▶ **Exercise aim**:
Print all entries below exactly, without images.

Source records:
== Segment start ==

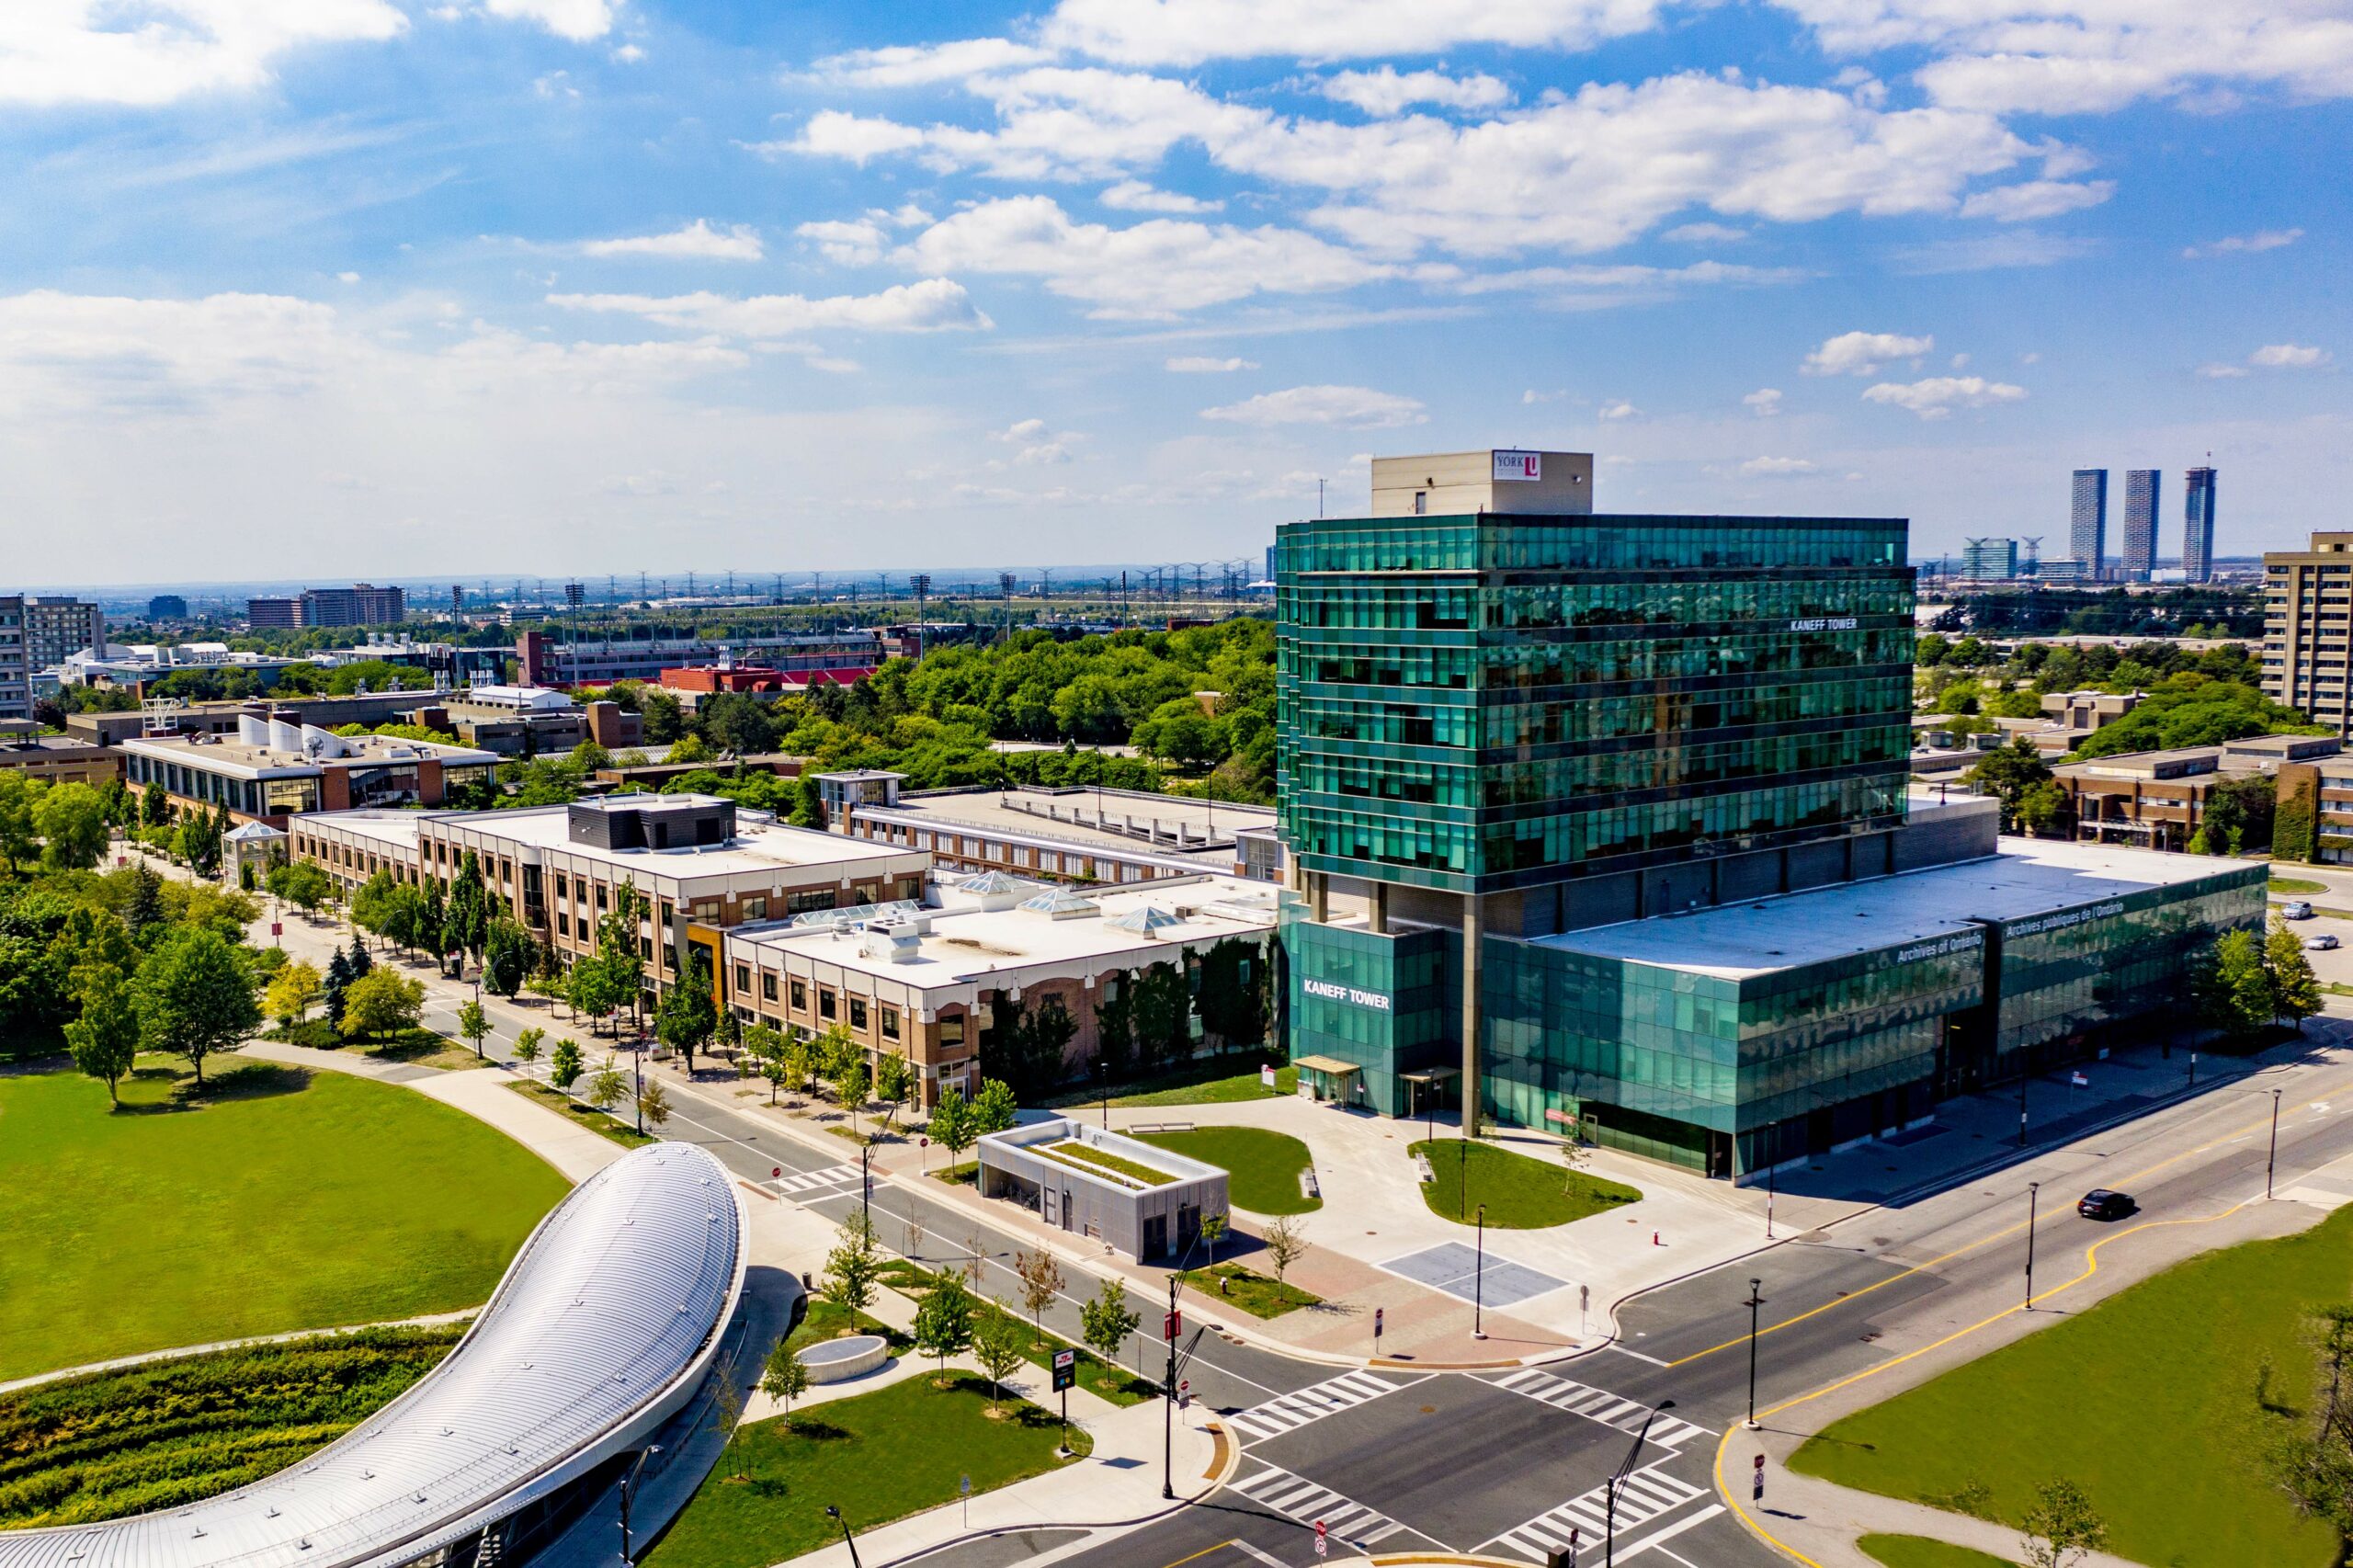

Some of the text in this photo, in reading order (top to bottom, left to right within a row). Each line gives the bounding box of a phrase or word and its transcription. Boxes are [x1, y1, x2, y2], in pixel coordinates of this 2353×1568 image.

[1497, 456, 1524, 467] YORK
[1790, 619, 1857, 631] KANEFF TOWER
[2006, 902, 2124, 937] Archives publiques de l'Ontario
[1897, 934, 1982, 963] Archives of Ontario
[1304, 979, 1389, 1009] KANEFF TOWER

== Segment end ==

▶ **Answer to this problem**:
Some of the text in this photo, in reading order (top to bottom, left to right within a row). Each line gives the bounding box of a phrase or word and its transcription. Boxes are [x1, y1, x2, y2], in pixel coordinates of this 2353×1568 image.

[1497, 456, 1524, 467] YORK
[1790, 619, 1857, 631] KANEFF TOWER
[2006, 902, 2124, 937] Archives publiques de l'Ontario
[1897, 934, 1982, 963] Archives of Ontario
[1304, 979, 1389, 1009] KANEFF TOWER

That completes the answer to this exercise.